What the task requires: Write out every record below exactly as it stands, leaving the pictures out.
------------------------------------
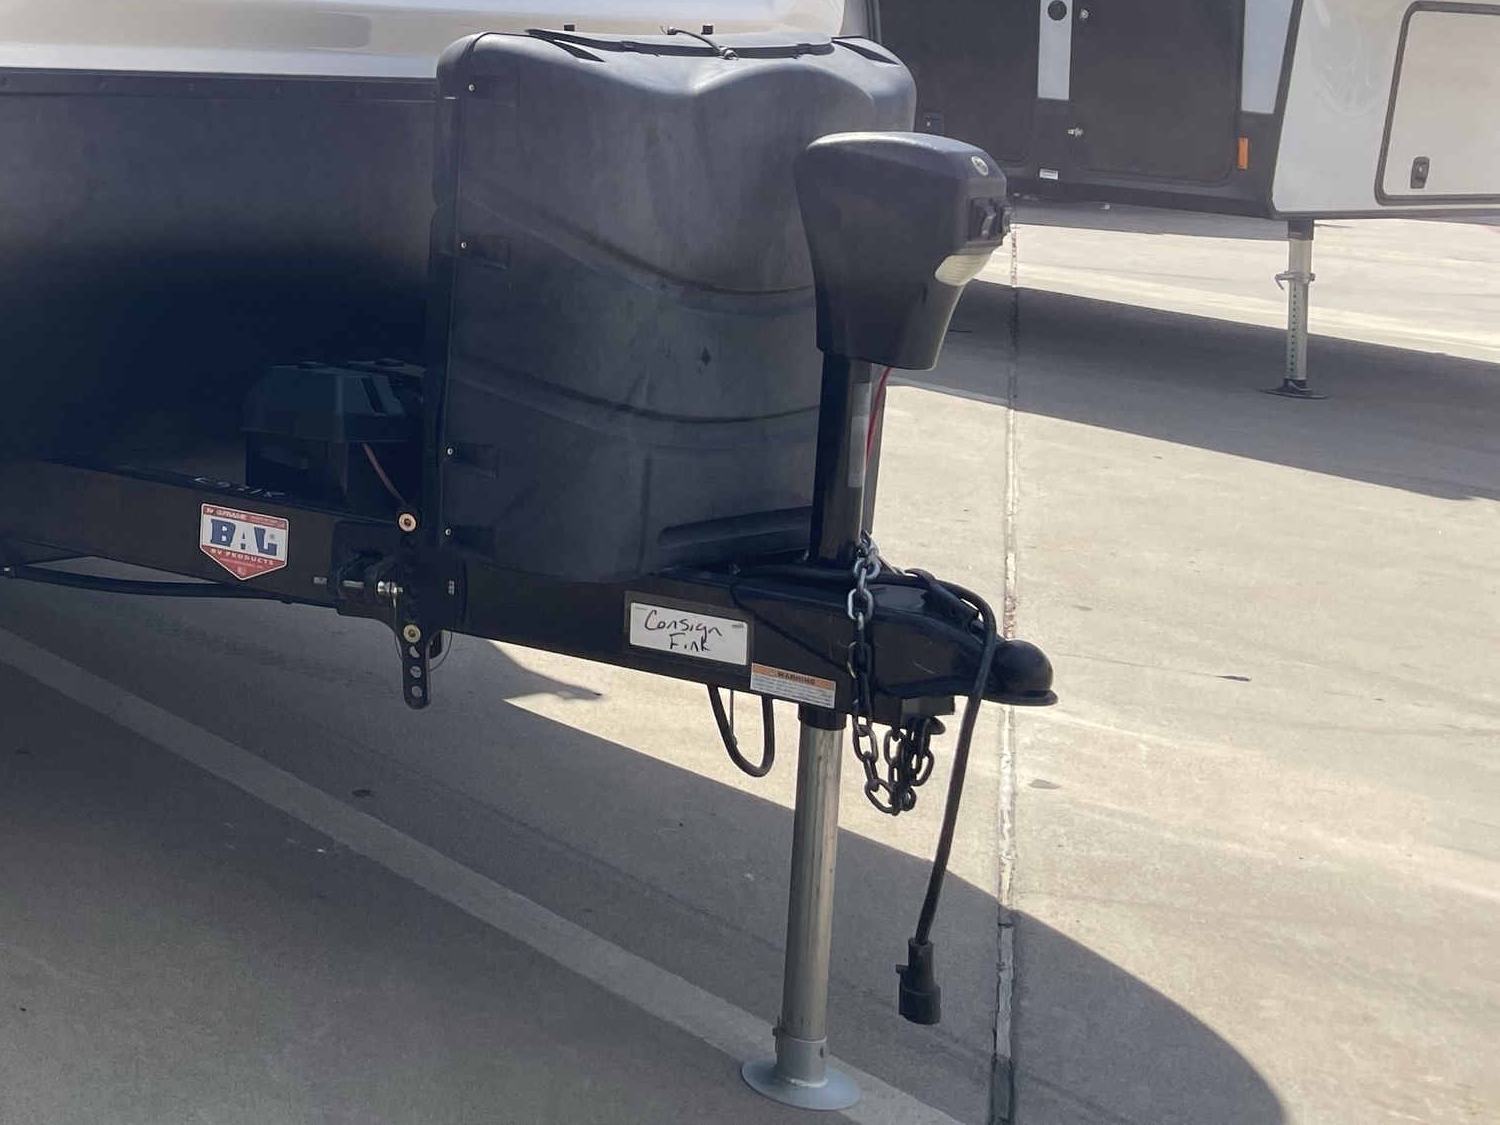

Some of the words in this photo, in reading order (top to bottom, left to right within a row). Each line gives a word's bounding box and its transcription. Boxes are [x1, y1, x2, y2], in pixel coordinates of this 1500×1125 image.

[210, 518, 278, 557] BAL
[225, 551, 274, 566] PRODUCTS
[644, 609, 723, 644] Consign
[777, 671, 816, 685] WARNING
------------------------------------
Result of the exercise:
Some of the words in this photo, in reading order (top to bottom, left to right within a row). Each line gives a word's bounding box and its transcription. Boxes are [x1, y1, x2, y2], in pixel coordinates of this 1500×1125 image.

[210, 518, 278, 557] BAL
[225, 551, 274, 566] PRODUCTS
[644, 609, 723, 644] Consign
[777, 671, 816, 685] WARNING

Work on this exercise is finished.